The rooms were spartan, usually windowless chambers that the ship had defined according to the current needs of the crew. The room where she found Remontoire was on the outer edge of the hull, with a blister-shaped observation cupola set into one wall. Remontoire was sitting on an extruded ledge, his expression calm and his fingers steepled neatly above one knee. He was deep in conversation with a white mechanical crab that was perched just below the rim of the cupola.

‘What’s happening?’ Felka asked. ‘Why did I have to leave my quarters?’

‘I’m not quite sure,’ Remontoire replied.

Then she heard a volley of muted clunks as dozens of armoured irised bulkheads snicked shut up and down the ship.

‘You’ll be able to return to your quarters shortly,’ the crab said. ‘This is just a precaution.’

She recognised the voice, even if the timbre was not entirely as she remembered it. ‘Skade? I thought you were…’

‘They’ve allowed me to slave this proxy,’ the crab said, wiggling the tiny jointed manipulators between its foreclaws. It was stuck to the wall by circular pads on the ends of its legs. From under the crab’s glossy white shell protruded various barbs, muzzles and lacerating and stabbing devices. It was very clearly an old assassination device that Skade had commandeered.

‘It’s good of you to see us off,’ Felka said, relieved that Skade would not be accompanying them.

‘See you off?’

‘When the light-lag exceeds a few seconds, won’t it be impracticable to slave the proxy?’

‘What light-lag? I’m on the ship, Felka.
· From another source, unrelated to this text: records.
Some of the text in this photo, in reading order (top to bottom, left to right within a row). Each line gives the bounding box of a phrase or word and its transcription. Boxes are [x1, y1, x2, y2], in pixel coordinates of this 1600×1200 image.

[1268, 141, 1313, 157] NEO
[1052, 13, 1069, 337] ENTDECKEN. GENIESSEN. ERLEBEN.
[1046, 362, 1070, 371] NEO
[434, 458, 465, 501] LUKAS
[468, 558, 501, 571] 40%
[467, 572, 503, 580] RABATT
My quarters are only a deck or two below your own.’

Felka remembered being told that Skade’s injuries were so severe that it required a roomful of Doctor Delmar’s equipment just to keep her alive. ‘I didn’t think…’
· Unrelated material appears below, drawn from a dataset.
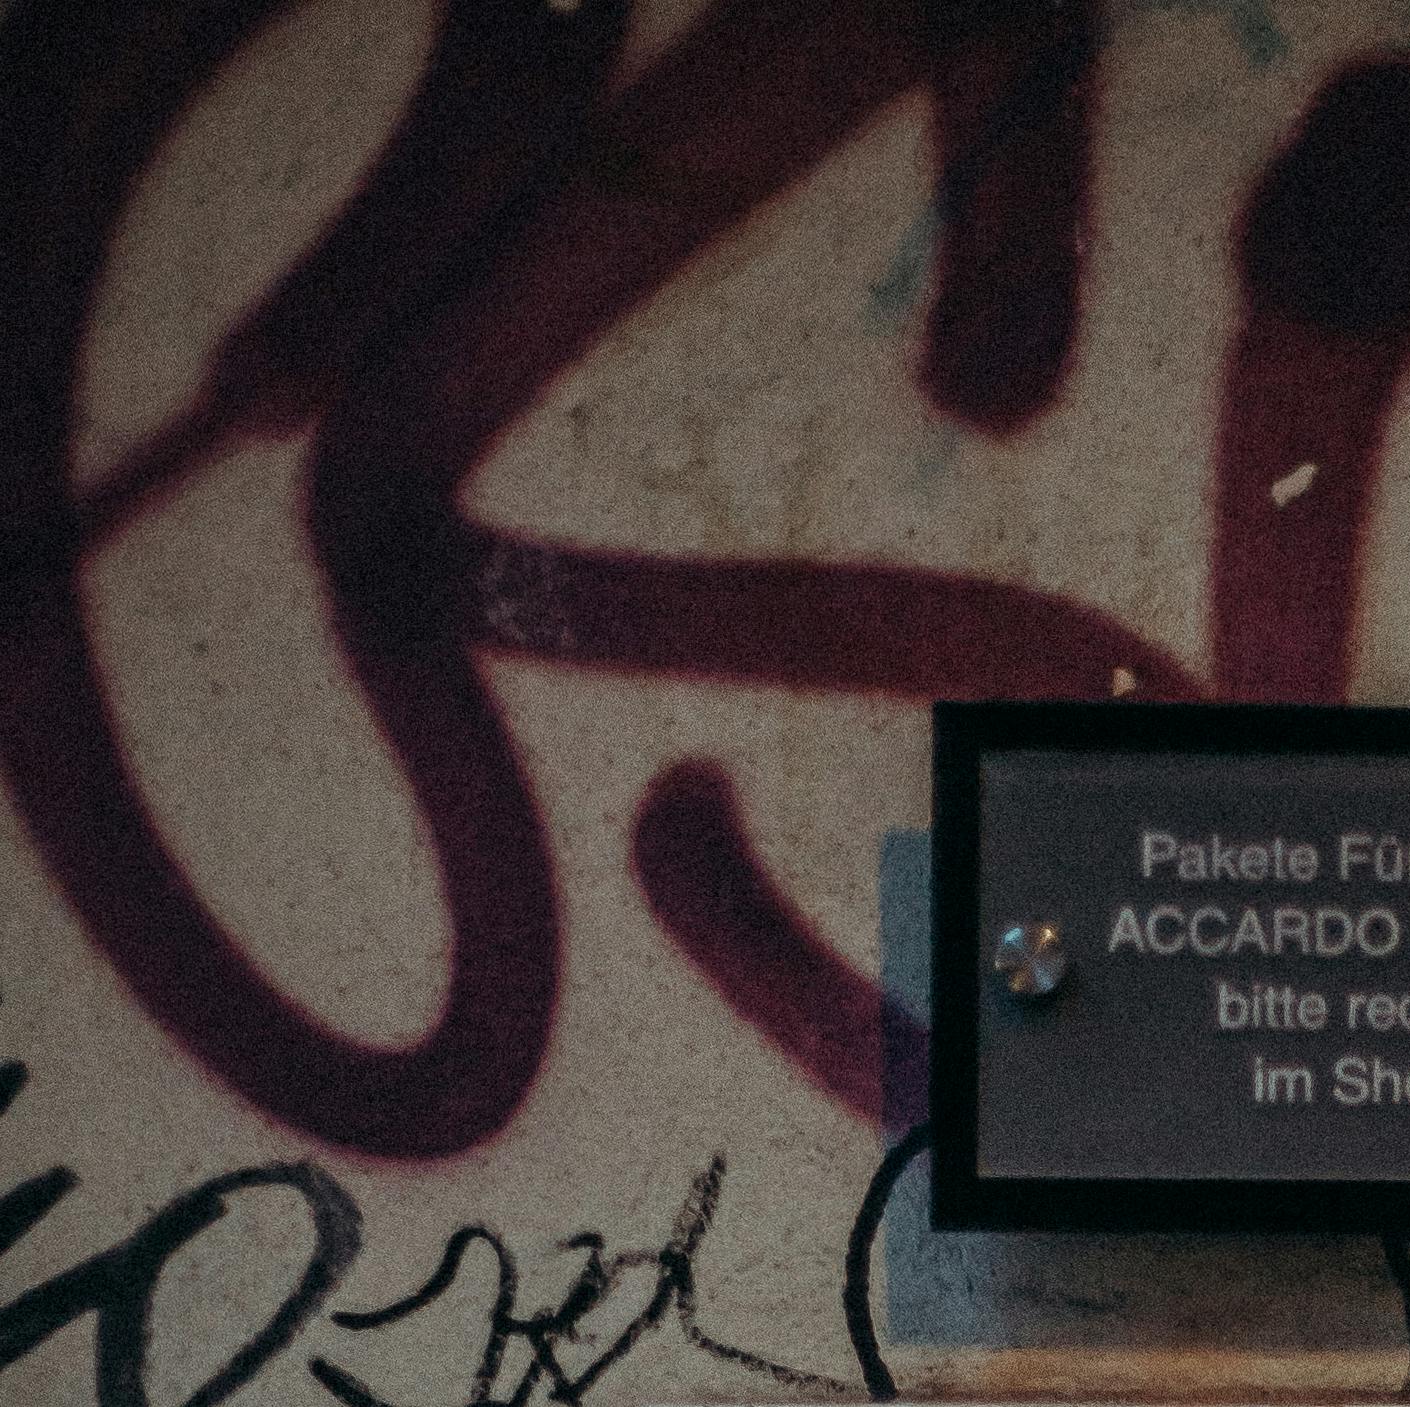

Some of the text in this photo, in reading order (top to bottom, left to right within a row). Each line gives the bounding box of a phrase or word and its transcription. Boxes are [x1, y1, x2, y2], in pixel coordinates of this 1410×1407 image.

[1140, 832, 1318, 882] Pakete
[1108, 906, 1401, 959] ACCARDO
[1217, 983, 1327, 1031] bitte
[1253, 1057, 1314, 1104] im
The crab waved a manipulator, dismissing her protestations. ‘It doesn’t matter. Come down later; we’ll have a little chat.’

‘I’d like that,’ Felka said. ‘There’s a great deal you and I need to talk about, Skade.’
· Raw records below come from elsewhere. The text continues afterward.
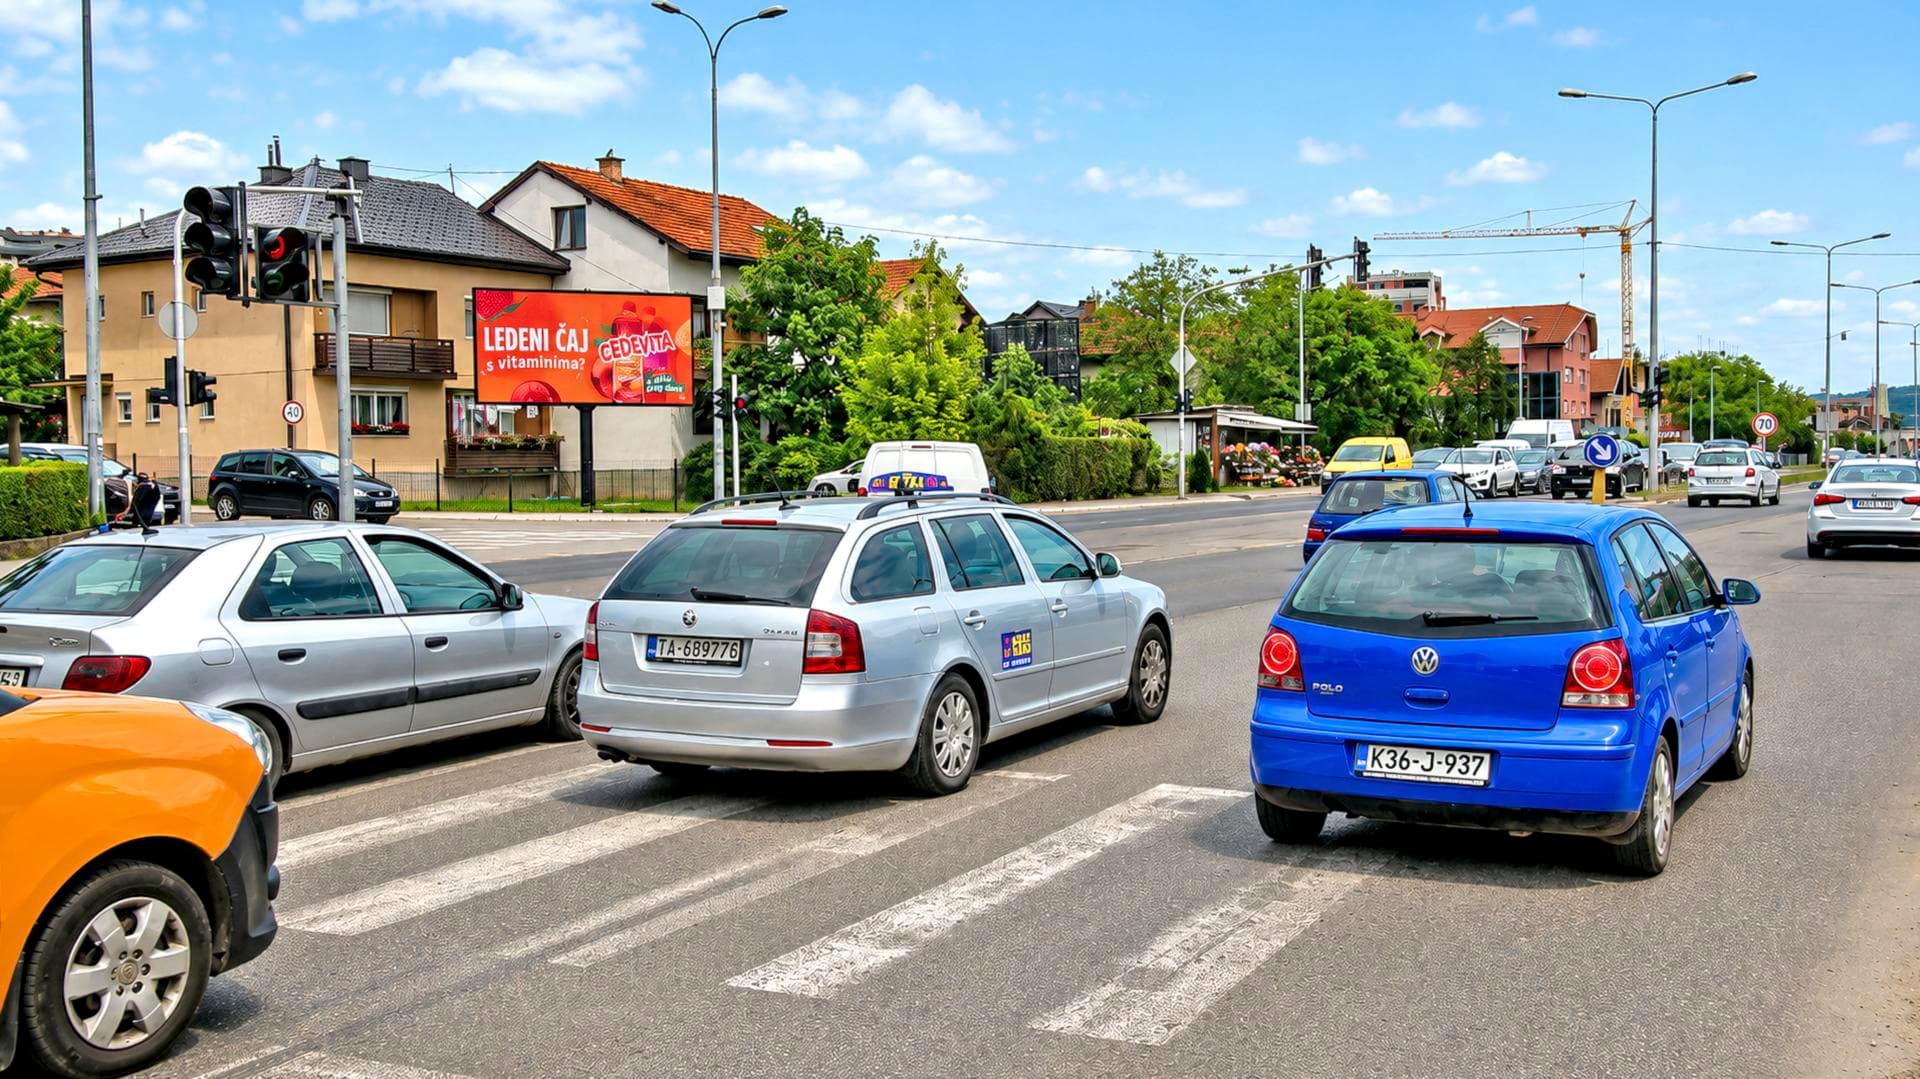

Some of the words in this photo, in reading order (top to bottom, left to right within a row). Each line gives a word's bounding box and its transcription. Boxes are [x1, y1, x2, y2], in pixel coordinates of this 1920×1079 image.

[484, 327, 549, 352] LEDENI
[556, 322, 589, 353] ČAJ
[600, 331, 676, 362] CEDEVITA
[486, 361, 494, 372] s
[498, 355, 585, 370] vitaminima?
[1758, 418, 1773, 430] 70
[658, 638, 739, 659] TA-689776
[1312, 682, 1344, 693] POLO
[1370, 747, 1485, 776] K36-J-937
‘Of course there is. Well, I must be going; urgent matters to attend to.’

A hole puckered open in one wall; the crab scuttled through it, vanishing into the ship’s hidden innards.

Felka looked at Remontoire. ‘Seeing as we’re all Closed Council, I suppose I can talk freely. Did she say anything more about the Exordium experiments when you were with Clavain?’

Remontoire kept his voice very low. It was no more than a gesture; they had to assume that Skade would be able to hear everything that went on in the ship, and would also be able to read their minds at source. But Felka understood precisely why he felt the need to whisper. ‘Nothing. She even lied about where the edict to cease shipbuilding came from.’

Felka glared at the wall, forcing it to provide her with somewhere to sit down. A ledge pushed out from the wall opposite Remontoire and she eased herself on to it. It was good to be off her feet; she had spent far too long of late in the weightless environment of her atelier, and the gee of shipboard thrust was wearying.

She stared out through the cupola and down, and saw the lobed shadow of one of Nightshade’s engines silhouetted against an aura of chill flame.

‘What did she tell him?’ Felka asked.

‘Some story about the Closed Council piecing together the evidence of the wolf attacks from a variety of ship losses.’

‘Implausible.’

‘I don’t think Clavain believed her. But she couldn’t mention Exordium; she obviously wanted him to know the bare minimum for the job, and yet she couldn’t avoid talking about the edict to some extent.’

‘Exordium’s at the heart of all this,’ Felka said. ‘Skade must have known that if she gave Clavain a thread to pull on he’d have unravelled the whole thing, right back to the Inner Sanctum.’

‘That’s as far as he’d have been able to take it.’

‘Knowing Clavain, I wouldn’t be so sure. She wanted him as an ally because he isn’t the kind to stop at a minor difficulty.’

‘But why couldn’t she have just told him the truth? The idea that the Closed Council picked up messages from the future isn’t so shocking, when you think about it. And from what I’ve gathered the content of those messages was sketchy at best, little more than vague premonitionary suggestions.’

‘Unless you were part of it, it’s difficult to describe what happened. But I only participated once. I don’t know what happened in the other experiments.’